Potrebbero esistere pianeti simili alla Terra binari

Potrebbero esistere pianeti simili alla Terra binari secondo nuovi studi descritti all’American Astronomical Society Division per le Scienze Planetarie a Tucson, AZ.

Due corpi, ognuno di massa simile alla Terra, possono formare una coppia strettamente orbitante in determinate condizioni presenti durante la formazione dei sistemi planetari.

Questa nuova teoria suggerisce che due corpi planetari non devono necessariamente essere diversi di massa come nell’esempio Terra-Luna o Plutone-Caronte. Questi pianeti binari potrebbero “restare uniti” per miliardi di anni, purché si trovino ad una distanza pari o superiore a quella tra la Terra e il Sole.

Questo lavoro è stato presentato da Keegan Ryan, Miki Nakajima, e il Dr. David Stevenson del California Institute of Technology di Pasadena, CA. I loro studi non contraddicono i dati esistenti per i pianeti intorno ad altre stelle, ma suggeriscono che in futuro si potrebbero scoprire tali sistemi.

Questo è il primo studio che prende in considerazione la possibilità dell’esistenza di pianeti terrestri binari. Durante la formazione dei pianeti terrestri, i grandi corpi rocciosi che orbitano intorno ad una stella di tanto in tanto si avvicinano abbastanza da interagire tra loro.

Se due corpi collidono, allora questa interazione si traduce tipicamente in accrescimento dove i due corpi si fondono per formarne uno più grande, probabilmente formando un disco di detriti da cui si potrà formare una luna.
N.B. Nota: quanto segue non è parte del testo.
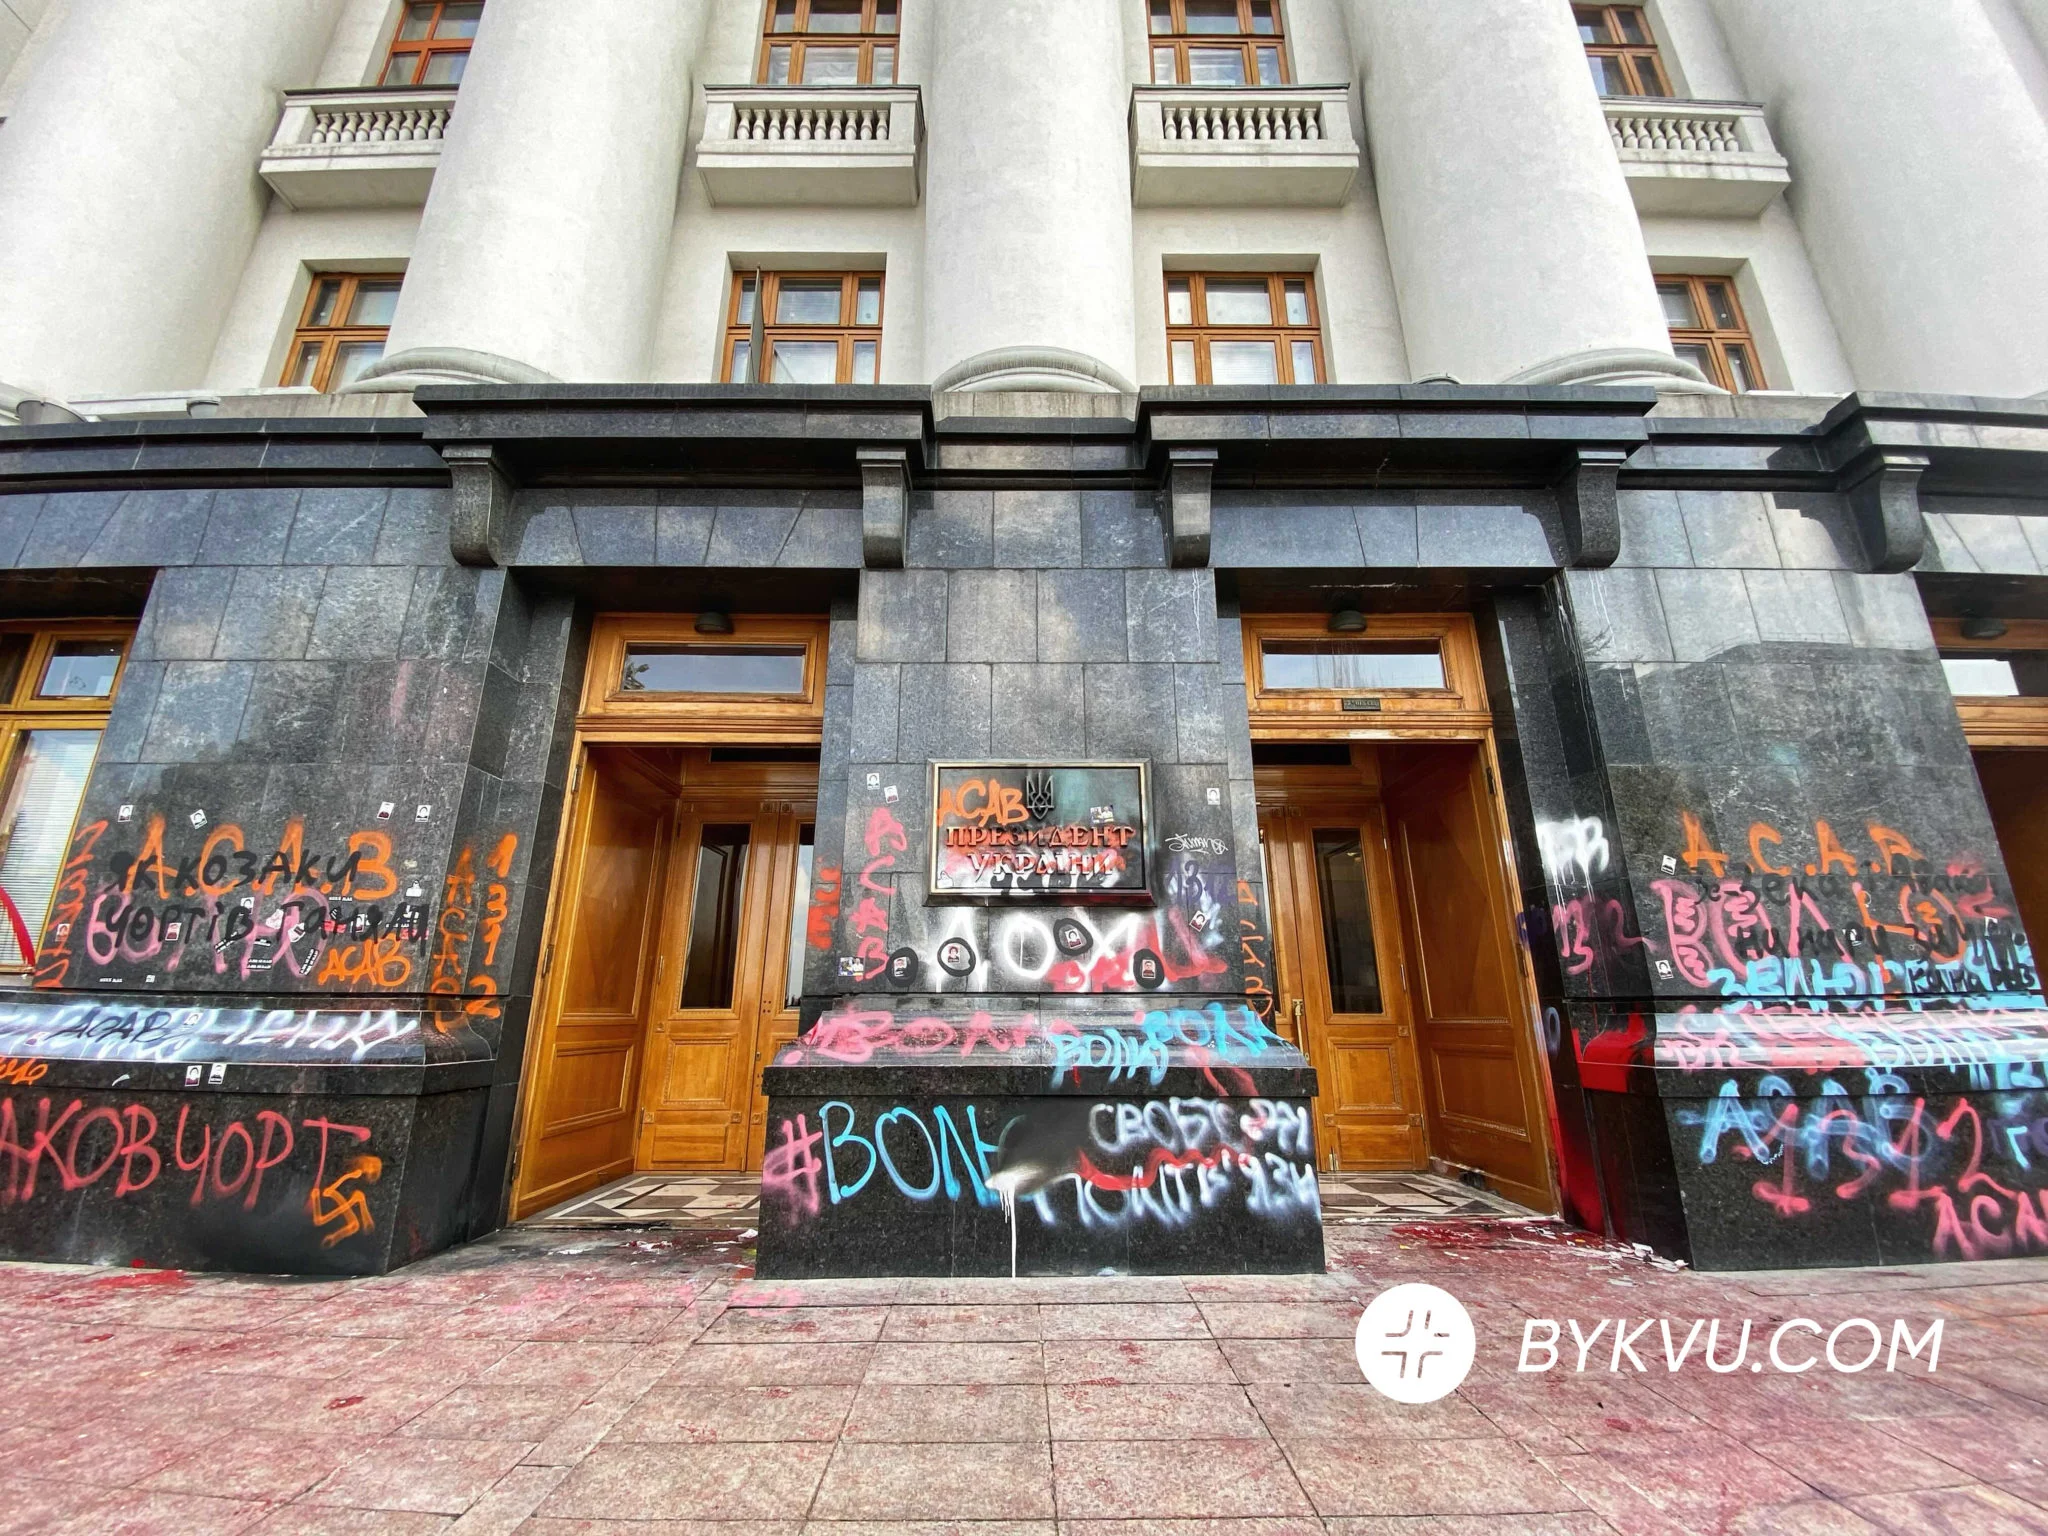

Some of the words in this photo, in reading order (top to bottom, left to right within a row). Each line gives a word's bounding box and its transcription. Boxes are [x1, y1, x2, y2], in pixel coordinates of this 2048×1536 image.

[946, 826, 1137, 847] ПРЕЗИДЕНТ
[175, 849, 362, 891] КОЗАКИ
[464, 831, 517, 1020] 1312
[1931, 1190, 2048, 1262] ACA
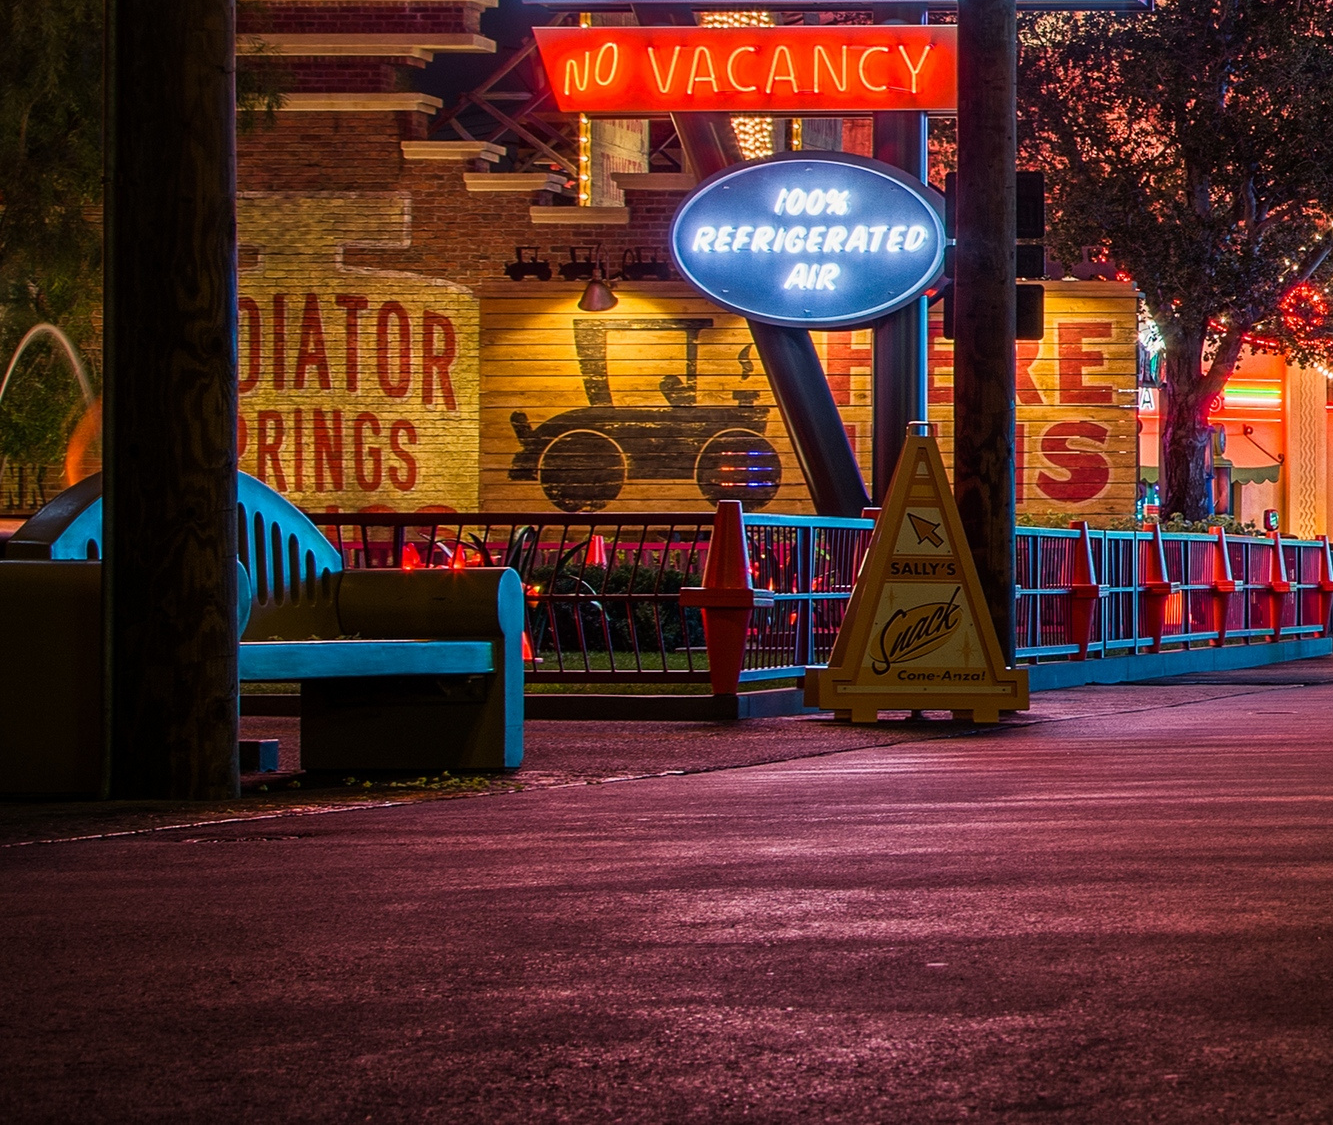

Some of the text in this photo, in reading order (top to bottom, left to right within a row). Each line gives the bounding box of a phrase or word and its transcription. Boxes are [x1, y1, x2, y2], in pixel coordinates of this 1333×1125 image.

[564, 42, 932, 96] NO VACANCY
[774, 187, 850, 215] 100%
[692, 224, 927, 254] REFRIGERATED
[784, 262, 840, 291] AIR
[890, 562, 957, 576] SALLY'S
[872, 586, 961, 675] Snack
[897, 669, 986, 682] Cone-Anza!
Si pensa che la nostra Luna e una di quelle di Plutone (Caronte), si sia formata in questo modo.

Se i due corpi si scontrano ad una velocità elevata, allora questi corpi proseguiranno il loro percorso, non riuscendo a formare una coppia legata. Questo nuovo studio è una via di mezzo, ovvero, uno scenario in cui i due corpi non si fondono ma rimangono bloccati nella stessa orbita.
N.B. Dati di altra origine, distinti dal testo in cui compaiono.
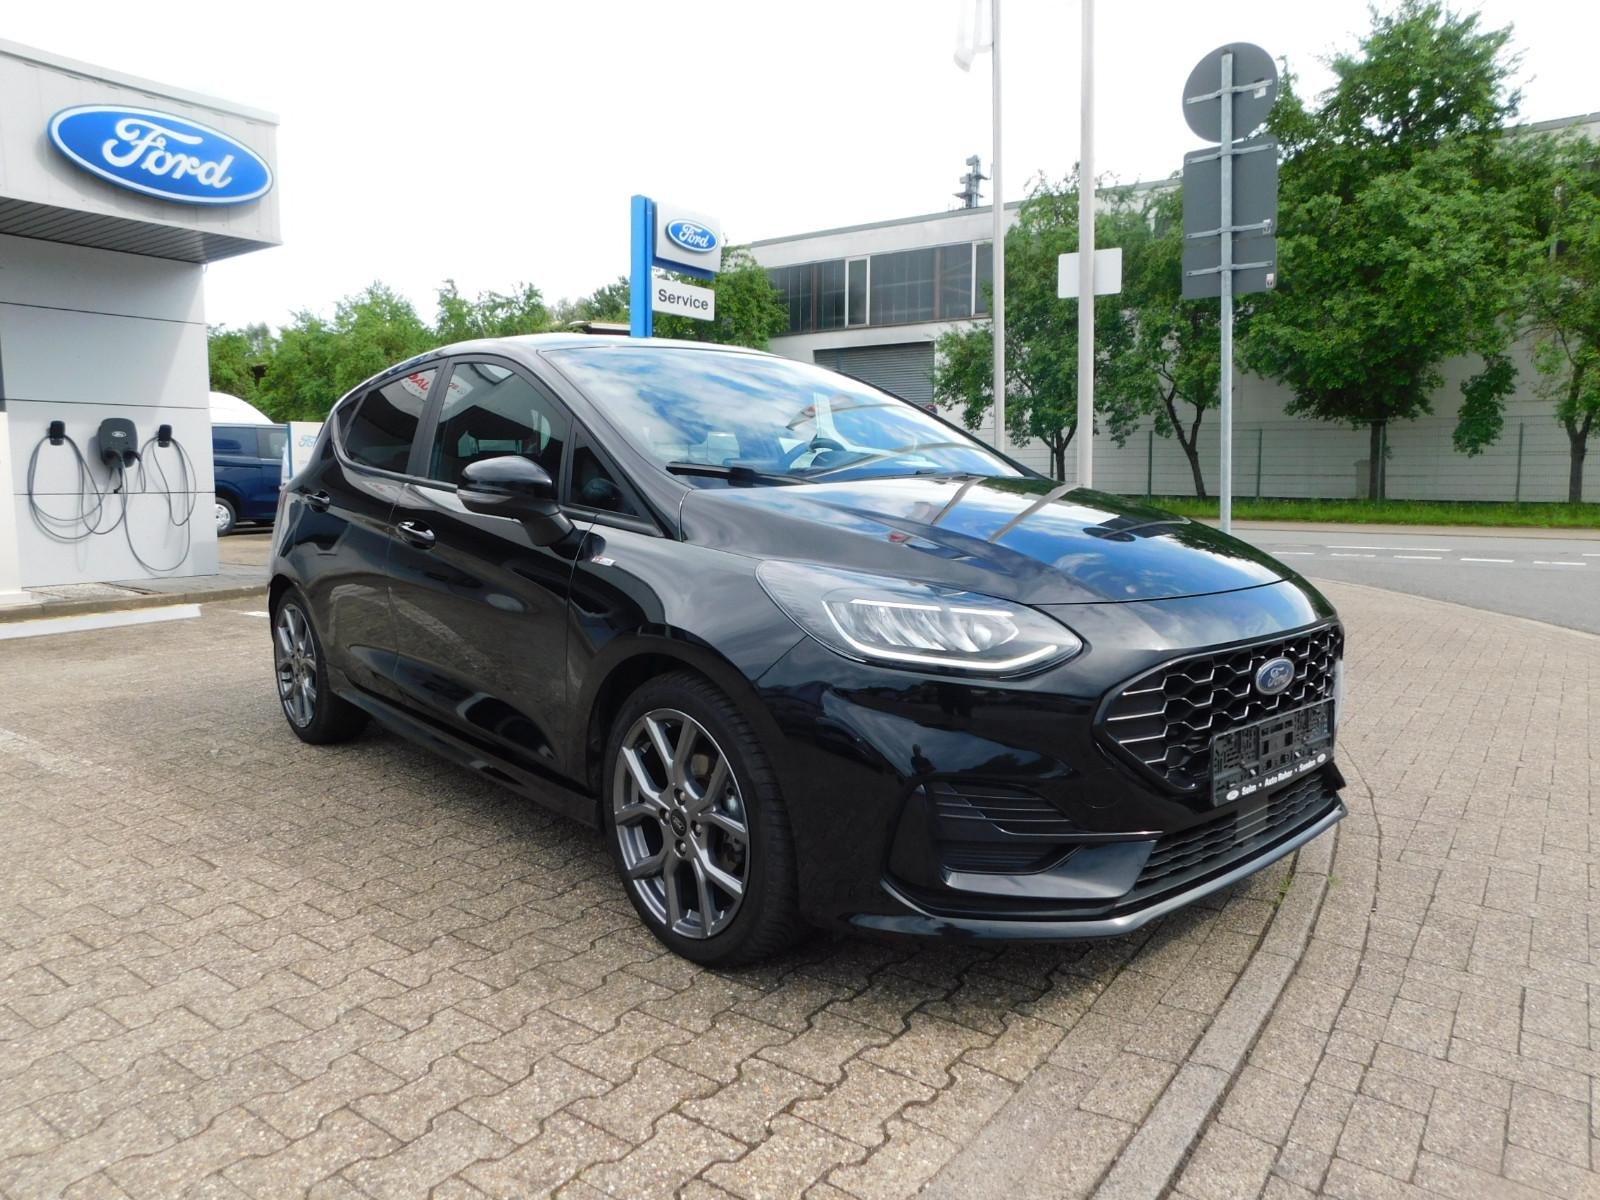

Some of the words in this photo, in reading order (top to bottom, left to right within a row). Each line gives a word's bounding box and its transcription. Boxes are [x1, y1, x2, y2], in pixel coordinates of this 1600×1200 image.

[102, 118, 235, 189] Ford
[679, 224, 709, 248] Ford
[658, 288, 709, 311] Service
sistema-planetario-binario

Un probabile sistema planetario binario terrestre, dovrà necessariamente evolvere in uno stato in cui i due corpi sono in rotazione sincrona, e il loro periodo orbitale sarà quasi lo stesso in entrambi i pianeti. L’esistenza di sistemi planetari binari terrestri potrebbe essere reale, tuttavia, l’avvicinamento di due corpi dovrebbe avvenire ad una velocità sufficientemente bassa.

Per verificare questa possibilità, è stata utilizzata una tecnica di simulazione che prende il nome di Smoothed Particle Hydrodynamics (SPH), Un metodo di calcolo sviluppato da Gingold e Monaghan (1977) e Lucy (1977) inizialmente per risolvere problemi astrofisici. E’ stato utilizzato per studiare le collisioni protoplanetarie nonché l’ipotesi del grande impatto che avrebbe formato la Luna.

Grazie a questa tecnica, si è potuto simulare la collisione tra due corpi rocciosi delle dimensioni della Terra, con velocità e parametro di impatto, e osservarne il risultato.

E’ stato osservato, quindi, che in base ad alcuni fattori è possibile che due corpi simili alla Terra possano formare un sistema planetario binario.